Tampoco pudieron competir el brasileño Gabriel Bortoleto (Audi) ni el tailandés Alexander Albon (Williams). Entre los principales beneficiados, el argentino Franco Colapinto (Alpine), que se quedó fuera de la última ronda clasificatoria (Q3) por cinco milésimas y que clasificó 12º. Al poco de empezar la carrera, ya era sexto, y logró finalizar en la 10ª posición para llevarse un punto, susto con el francés Esteban Ocon (Haas) mediante.
Otra gran salida de Ferrari
Con Zhou Guanyu fuera de la parrilla -actualmente es el piloto de reserva de Cadillac-, el favorito de la afición china es el séptuple campeón mundial y piloto más veces ganador (6) en Shanghái, el británico Lewis Hamilton, que el año pasado pudo volver a festejar en China tras imponerse en la carrera al esprint.
El veterano piloto hizo las delicias de sus seguidores con una excelente salida, una fase en la que los Ferrari siguen aventajando a los Mercedes, pero estos últimos tardaron apenas cuatro vueltas -dos, en el caso de Antonelli- en volver a copar los dos puestos de cabeza.
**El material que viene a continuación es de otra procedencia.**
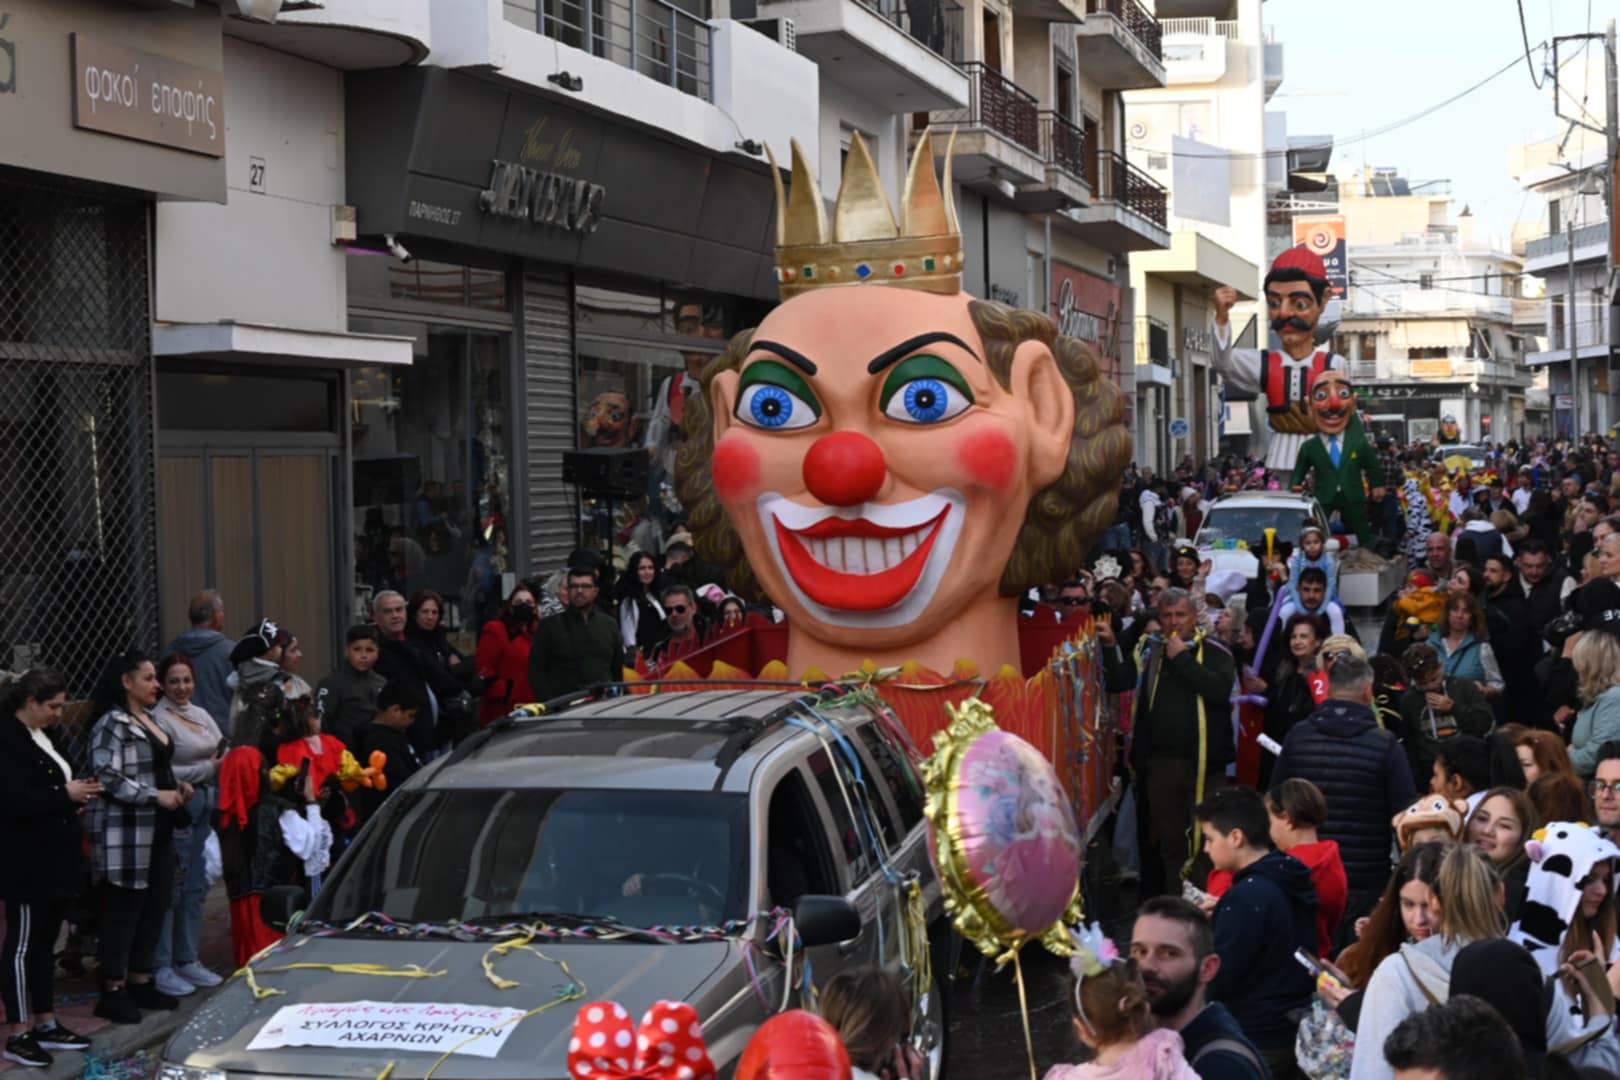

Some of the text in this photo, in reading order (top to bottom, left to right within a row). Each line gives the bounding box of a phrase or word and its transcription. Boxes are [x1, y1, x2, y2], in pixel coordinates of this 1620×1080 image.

El trazado de Shanghái permitía una mayor recarga de las baterías que en Melbourne, pero la contrapartida son los problemas de granulado (‘graining’), especialmente para la rueda frontal izquierda, en parte también por las temperaturas relativamente bajas del asfalto. La clave, más que en la velocidad pura, residía en la gestión de ambas facetas.
Verstappen prolongaba su «desastroso» fin de semana con un monoplaza «inconducible»: salió con blandos y fue de los primeros en sufrir. En la octava vuelta, ya le decía a su escudería por radio que su goma estaba «muerta».
Dos trazadas más tarde, entraba a boxes… justo antes de que saliese el coche de seguridad por el abandono del canadiense Lance Stroll (Aston Martin). Sainz también se vio perjudicado por esa coincidencia, aprovechada por los Mercedes y Ferrari para cambiarse de calzado. Todos, con duros.
Sí hubo incidentes por detrás: el español Fernando Alonso (Aston Martin), que había mostrado su confianza en acabar la carrera, no pudo cumplir al retirarse en la vuelta 35. Otra leyenda de la parrilla, Verstappen, también se marchó antes de tiempo (vuelta 46). Hasta siete abandonos se produjeron.
La cita de Shanghái fue la segunda prueba del campeonato en 2025, y la primera en celebrarse con el formato especial que incluye carrera al esprint, la cual se celebró este sábado y se saldó con victoria para Russell, que ya se había encaramado a lo más alto del podio en el Gran Premio de Australia.